• _REQUIREMENT_: Please give back each line below unchanged; none of the pictures should appear.

• _GIVEN DATA_:
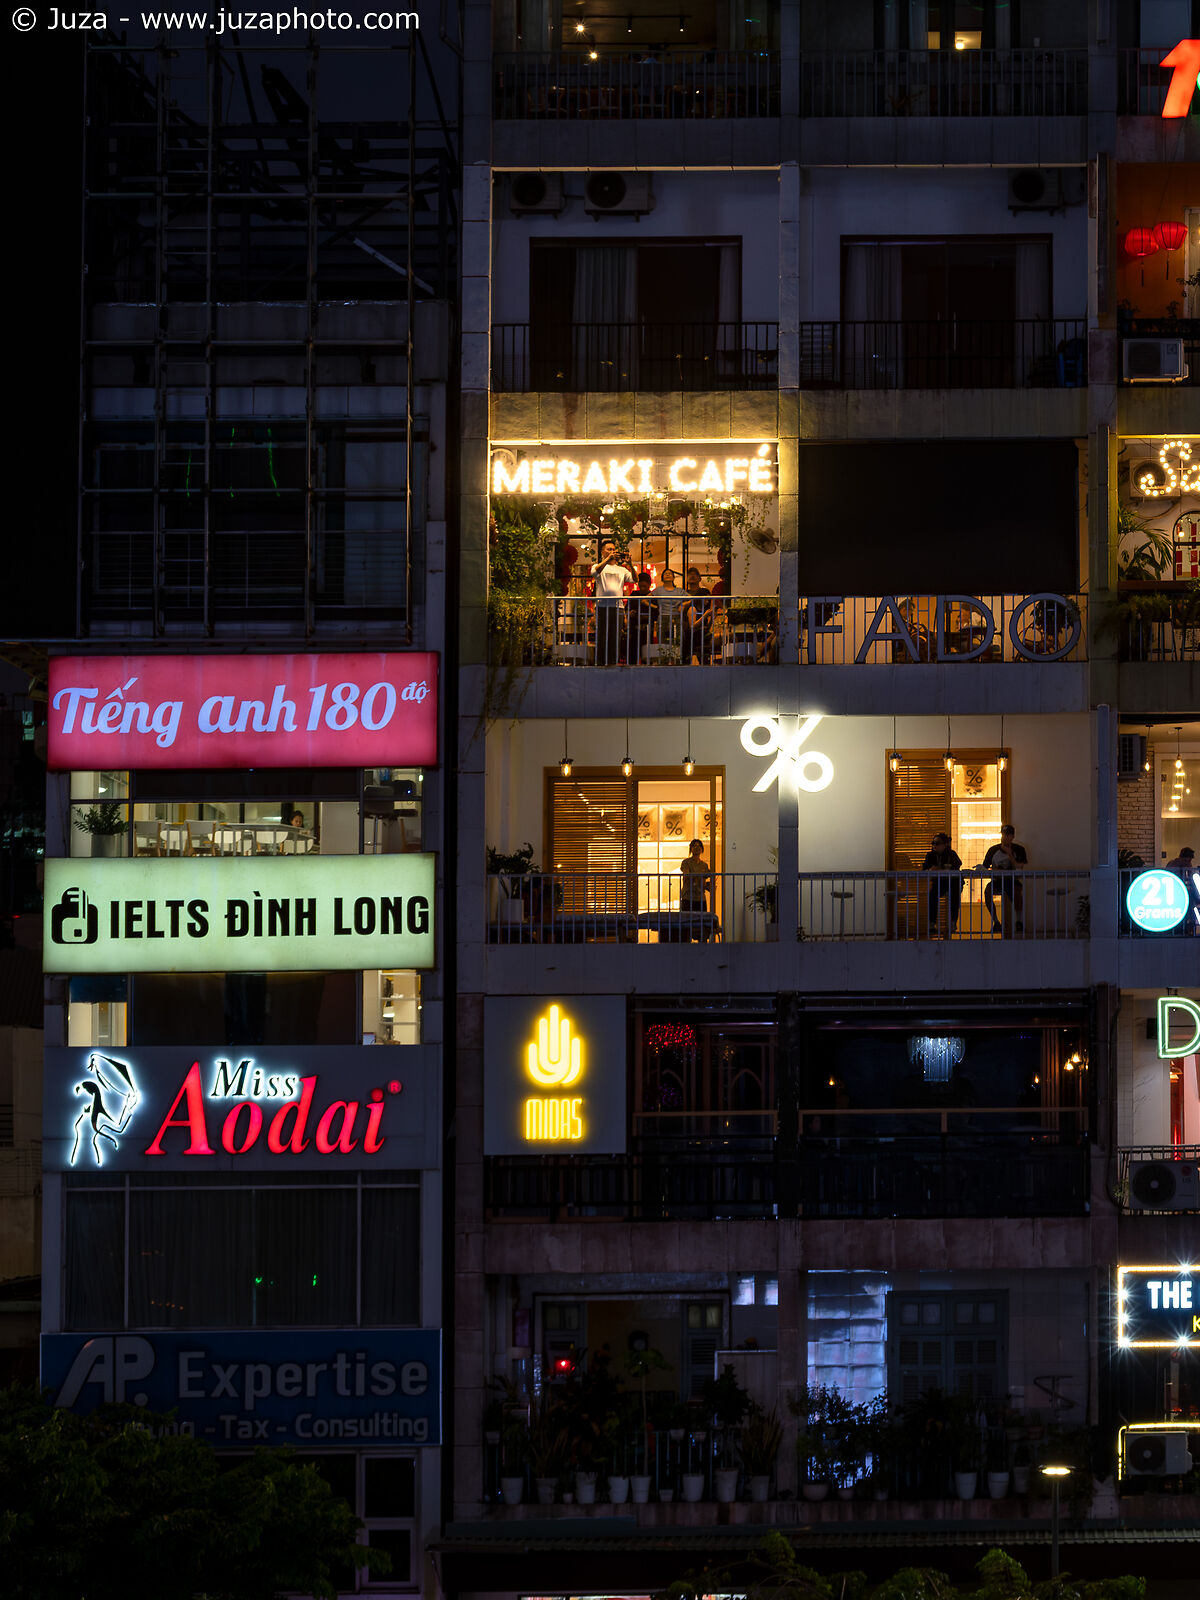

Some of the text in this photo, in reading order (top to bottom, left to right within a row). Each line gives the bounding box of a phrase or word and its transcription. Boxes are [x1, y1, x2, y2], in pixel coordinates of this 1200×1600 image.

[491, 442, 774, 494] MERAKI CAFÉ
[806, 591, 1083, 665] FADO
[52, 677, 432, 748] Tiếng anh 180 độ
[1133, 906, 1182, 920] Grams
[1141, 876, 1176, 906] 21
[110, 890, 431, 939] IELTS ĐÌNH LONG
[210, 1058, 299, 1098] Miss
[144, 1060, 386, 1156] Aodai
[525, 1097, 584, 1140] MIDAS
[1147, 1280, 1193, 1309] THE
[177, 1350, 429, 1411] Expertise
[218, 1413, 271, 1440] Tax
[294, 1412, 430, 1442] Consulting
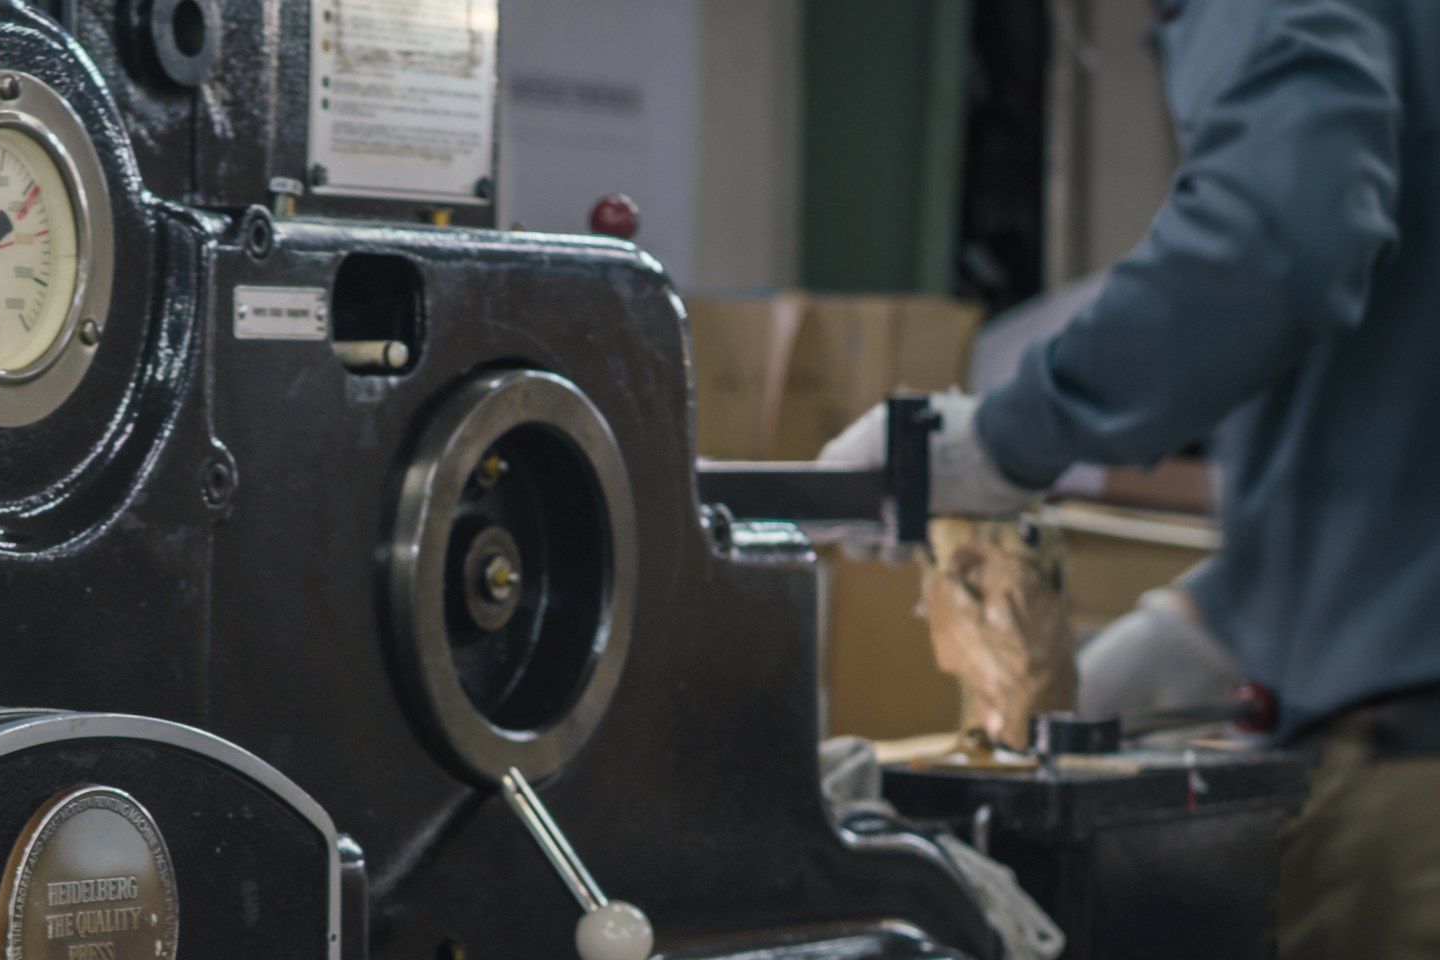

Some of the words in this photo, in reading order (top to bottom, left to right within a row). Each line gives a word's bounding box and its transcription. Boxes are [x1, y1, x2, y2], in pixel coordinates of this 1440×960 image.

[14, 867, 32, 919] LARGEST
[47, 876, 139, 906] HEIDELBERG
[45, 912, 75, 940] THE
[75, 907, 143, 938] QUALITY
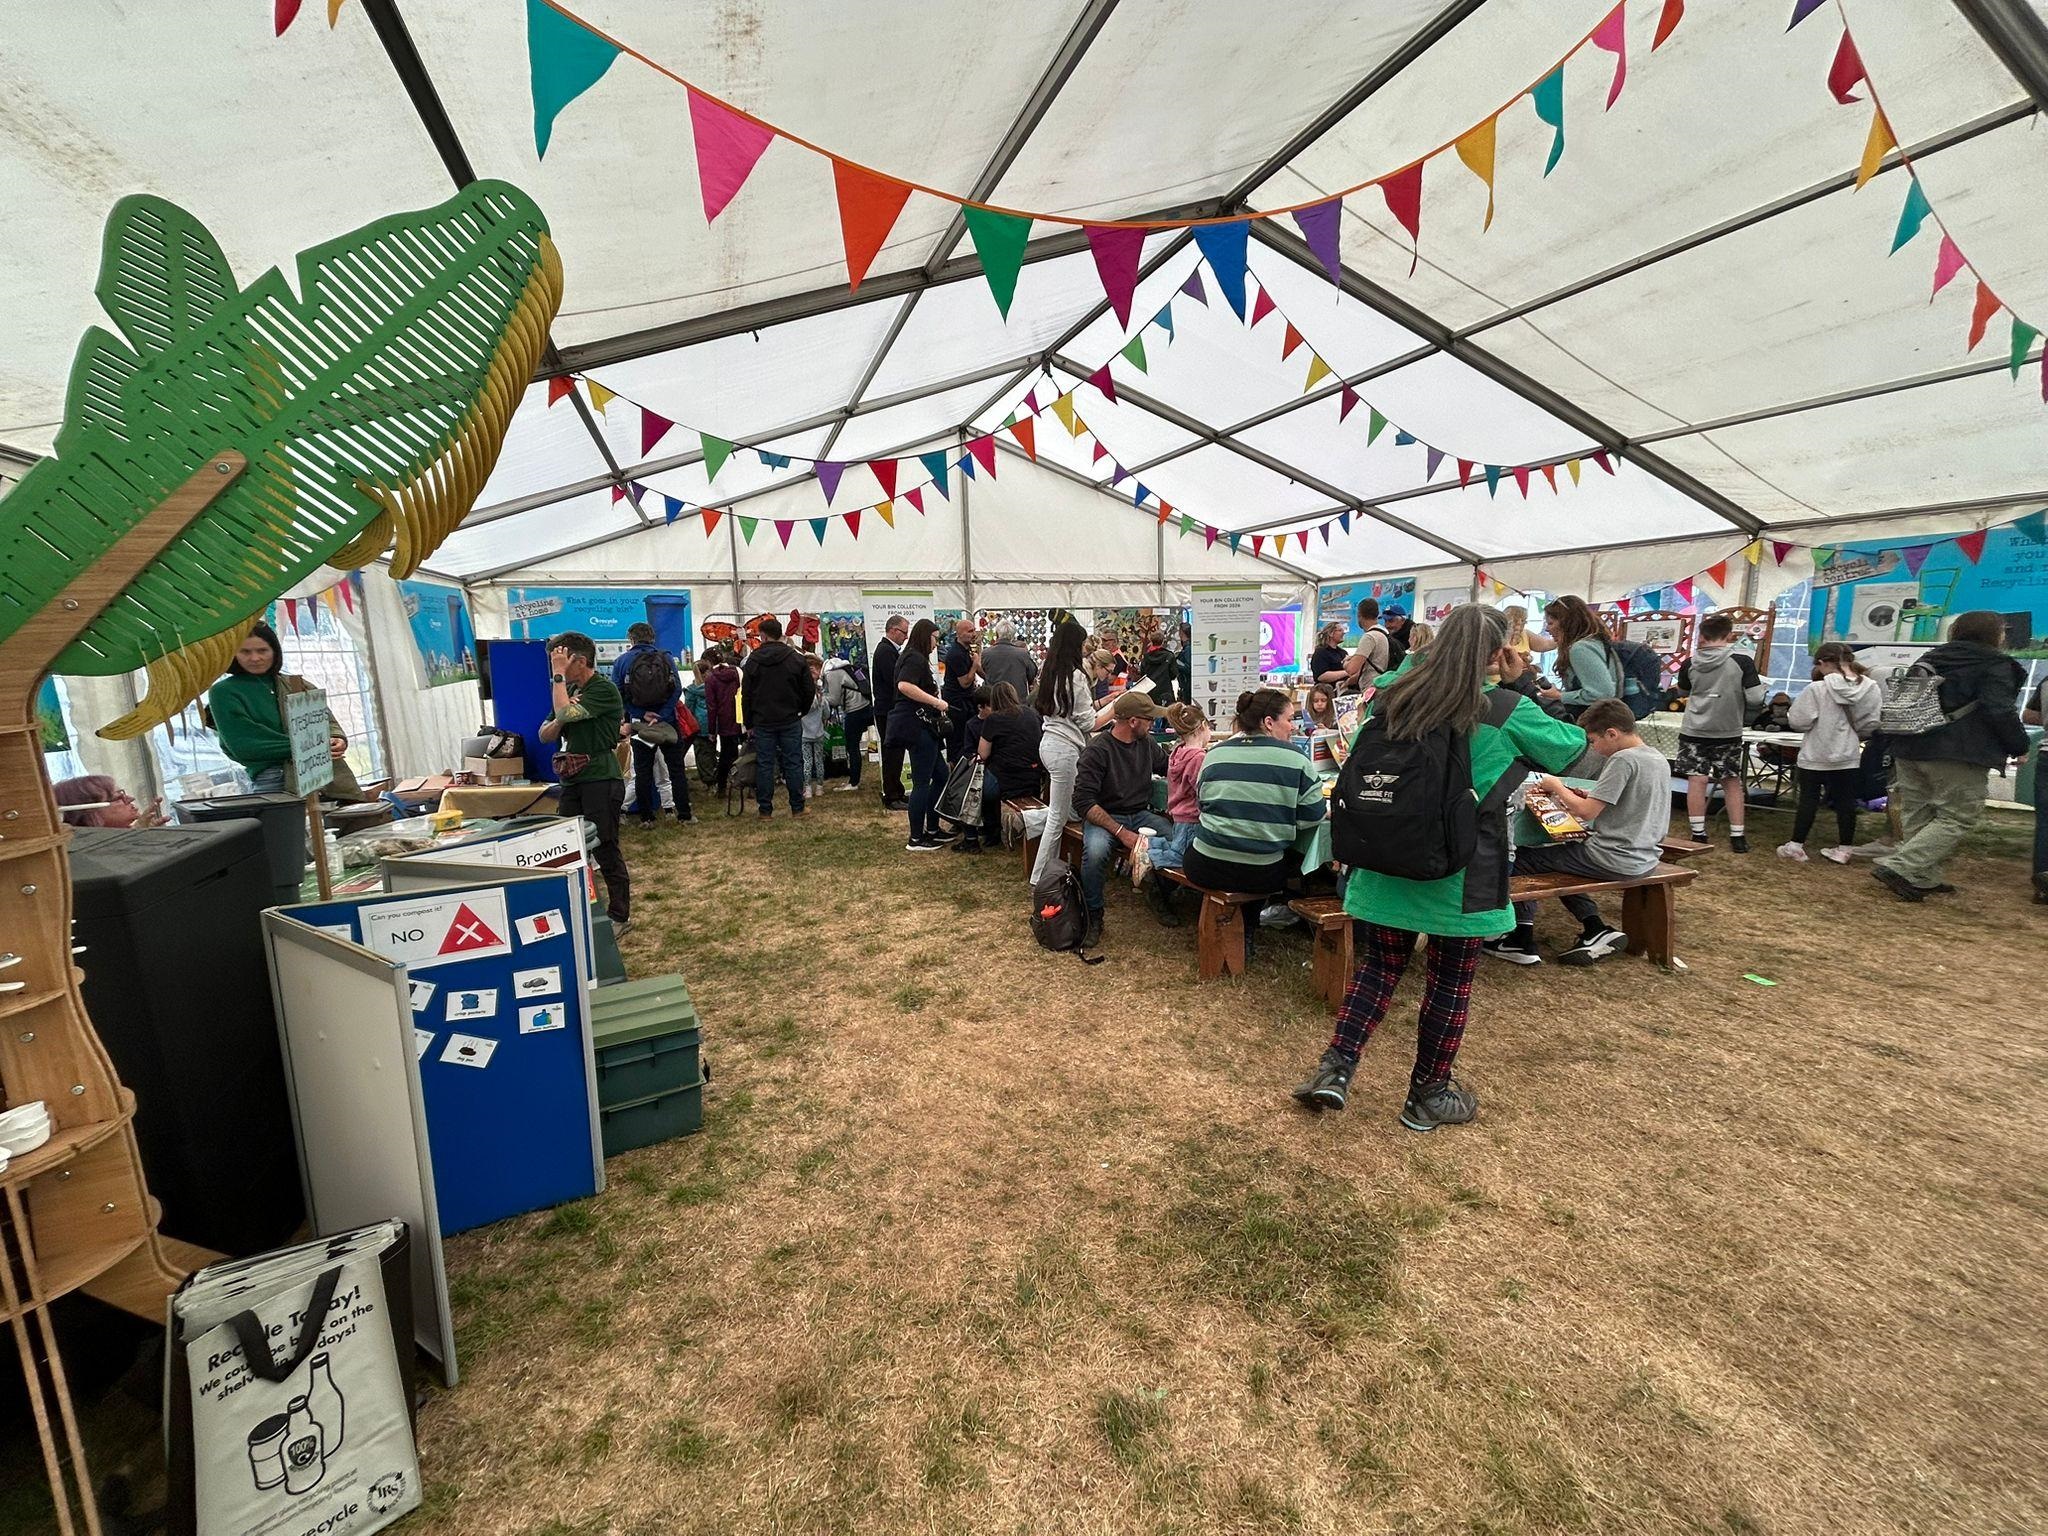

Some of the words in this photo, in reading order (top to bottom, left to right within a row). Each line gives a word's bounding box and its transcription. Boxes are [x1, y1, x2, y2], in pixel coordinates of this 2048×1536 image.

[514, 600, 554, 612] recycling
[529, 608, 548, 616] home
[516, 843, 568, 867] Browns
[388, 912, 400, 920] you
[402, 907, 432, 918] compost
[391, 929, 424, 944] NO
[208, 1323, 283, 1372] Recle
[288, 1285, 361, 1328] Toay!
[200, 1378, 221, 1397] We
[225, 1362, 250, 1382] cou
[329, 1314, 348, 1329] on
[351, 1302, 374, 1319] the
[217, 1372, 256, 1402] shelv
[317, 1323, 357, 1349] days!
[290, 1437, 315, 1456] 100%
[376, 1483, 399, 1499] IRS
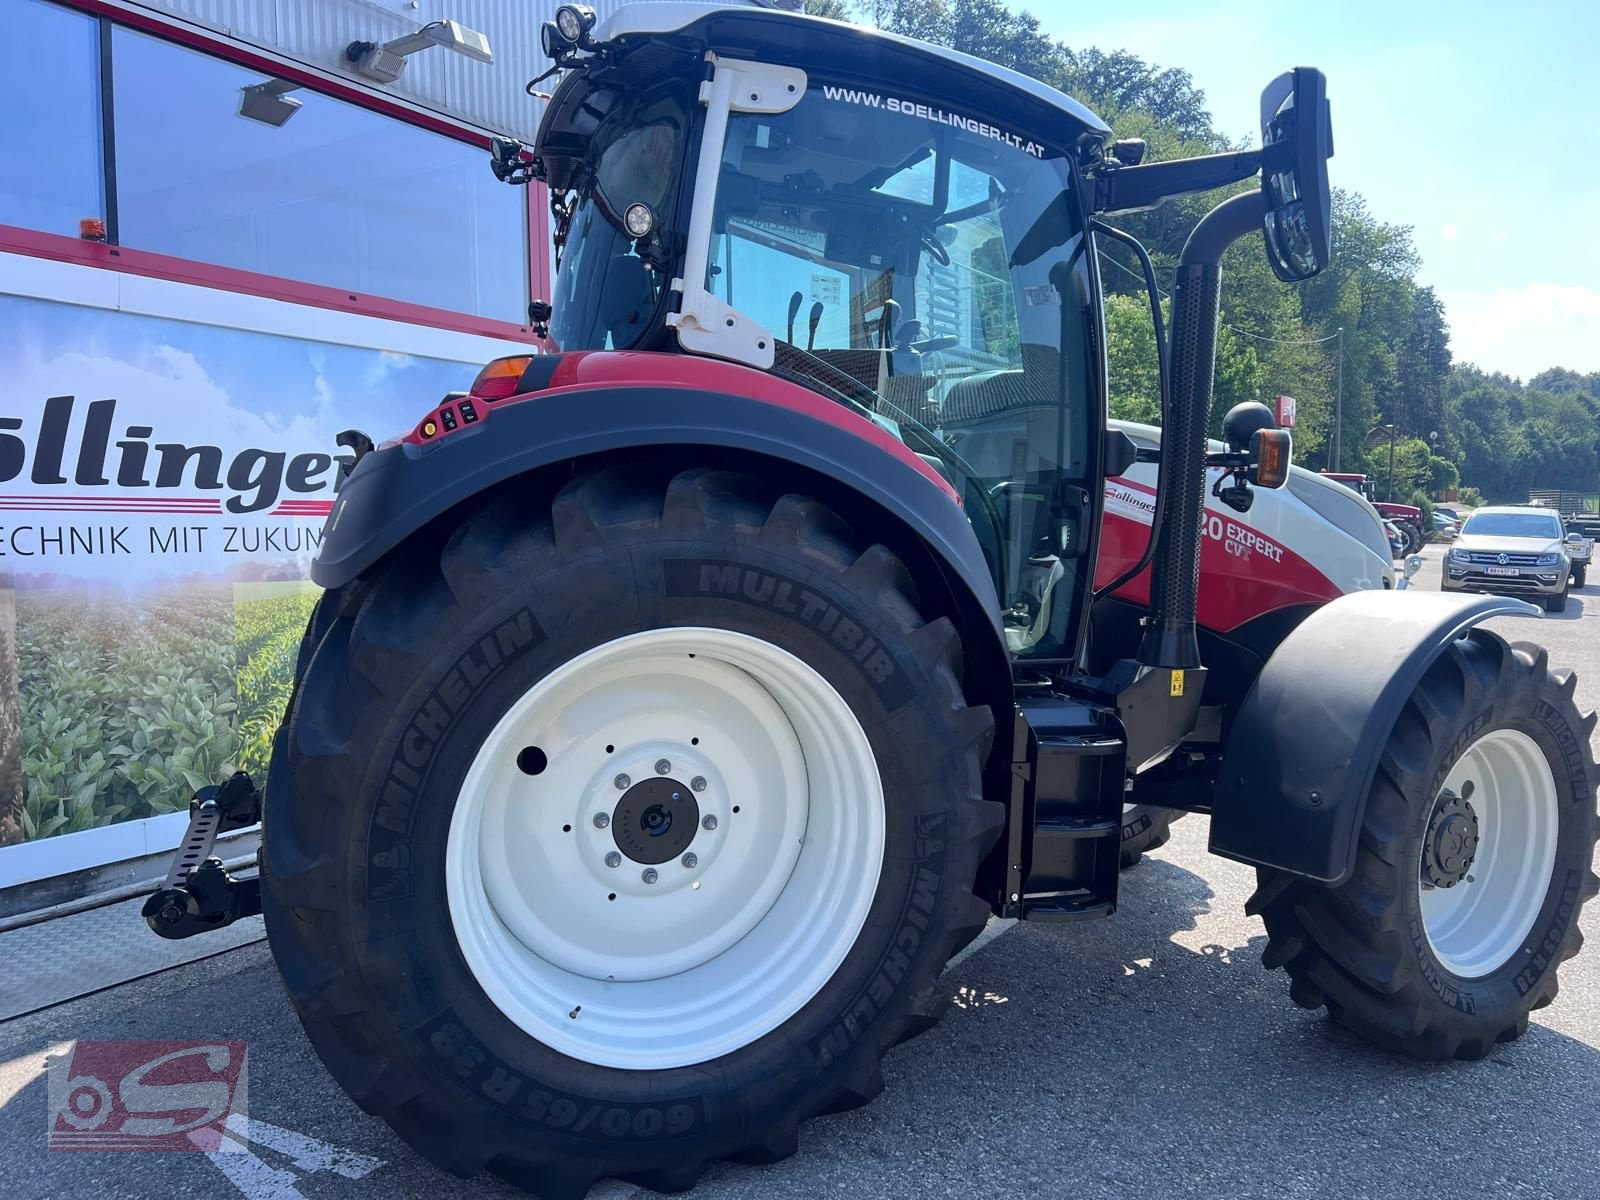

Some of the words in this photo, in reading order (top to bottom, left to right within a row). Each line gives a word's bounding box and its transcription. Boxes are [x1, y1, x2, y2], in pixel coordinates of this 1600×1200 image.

• _ANSWER TO THE PROBLEM_:
Some of the text in this photo, in reading order (top to bottom, left to right within a row). Each line gives the bounding box of a phrase or word and its transcription. Boxes are [x1, y1, x2, y2], in pixel coordinates of this 1200×1600 image.

[491, 442, 774, 494] MERAKI CAFÉ
[806, 591, 1083, 665] FADO
[52, 677, 432, 748] Tiếng anh 180 độ
[1133, 906, 1182, 920] Grams
[1141, 876, 1176, 906] 21
[110, 890, 431, 939] IELTS ĐÌNH LONG
[210, 1058, 299, 1098] Miss
[144, 1060, 386, 1156] Aodai
[525, 1097, 584, 1140] MIDAS
[1147, 1280, 1193, 1309] THE
[177, 1350, 429, 1411] Expertise
[218, 1413, 271, 1440] Tax
[294, 1412, 430, 1442] Consulting

Some of the words in this photo, in reading order (top to bottom, left to right within a row). Each line gives a word's bounding box and its transcription. Boxes are [x1, y1, x2, y2], in pixel coordinates of this 1440×960 image.

[14, 867, 32, 919] LARGEST
[47, 876, 139, 906] HEIDELBERG
[45, 912, 75, 940] THE
[75, 907, 143, 938] QUALITY

Some of the words in this photo, in reading order (top to bottom, left to right within a row). Each line gives a word's bounding box and its transcription. Boxes are [x1, y1, x2, y2], in pixel coordinates of this 2048×1536 image.

[514, 600, 554, 612] recycling
[529, 608, 548, 616] home
[516, 843, 568, 867] Browns
[388, 912, 400, 920] you
[402, 907, 432, 918] compost
[391, 929, 424, 944] NO
[208, 1323, 283, 1372] Recle
[288, 1285, 361, 1328] Toay!
[200, 1378, 221, 1397] We
[225, 1362, 250, 1382] cou
[329, 1314, 348, 1329] on
[351, 1302, 374, 1319] the
[217, 1372, 256, 1402] shelv
[317, 1323, 357, 1349] days!
[290, 1437, 315, 1456] 100%
[376, 1483, 399, 1499] IRS

Some of the words in this photo, in reading order (top to bottom, left to right within a row). Each line gives a word's bounding box and its transcription. Boxes are [x1, y1, x2, y2], in pixel coordinates of this 1600×1200 image.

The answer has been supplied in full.